THE TASK
Below is a listing to copy exactly; no image goes into the copy.

########

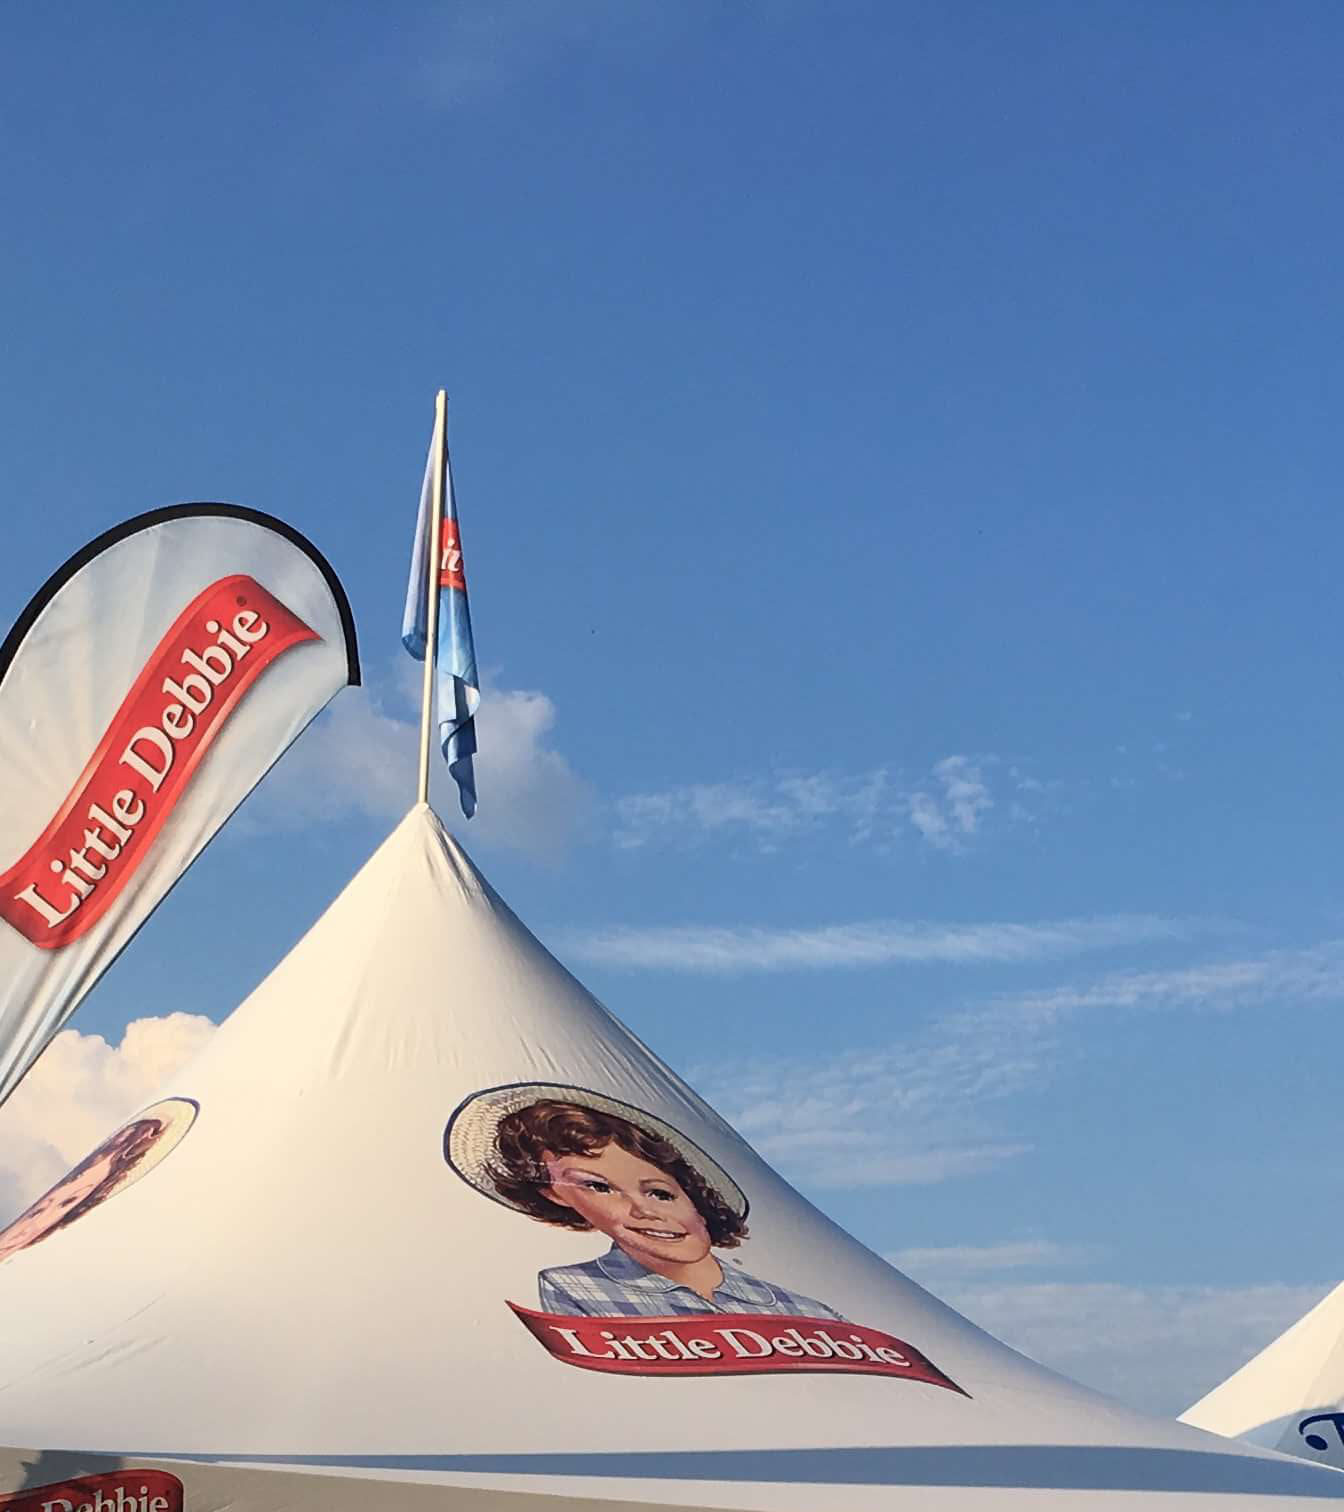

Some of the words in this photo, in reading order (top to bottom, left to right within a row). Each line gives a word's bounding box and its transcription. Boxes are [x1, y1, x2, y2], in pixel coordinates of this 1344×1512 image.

[14, 789, 146, 930] Little
[119, 604, 271, 793] Debbie
[550, 1325, 722, 1361] Little
[713, 1327, 913, 1369] Debbie

########

TASK OUTPUT
Some of the words in this photo, in reading order (top to bottom, left to right within a row). Each line gives a word's bounding box and its transcription. Boxes are [x1, y1, x2, y2], in pixel coordinates of this 1344×1512 image.

[14, 789, 146, 930] Little
[119, 604, 271, 793] Debbie
[550, 1325, 722, 1361] Little
[713, 1327, 913, 1369] Debbie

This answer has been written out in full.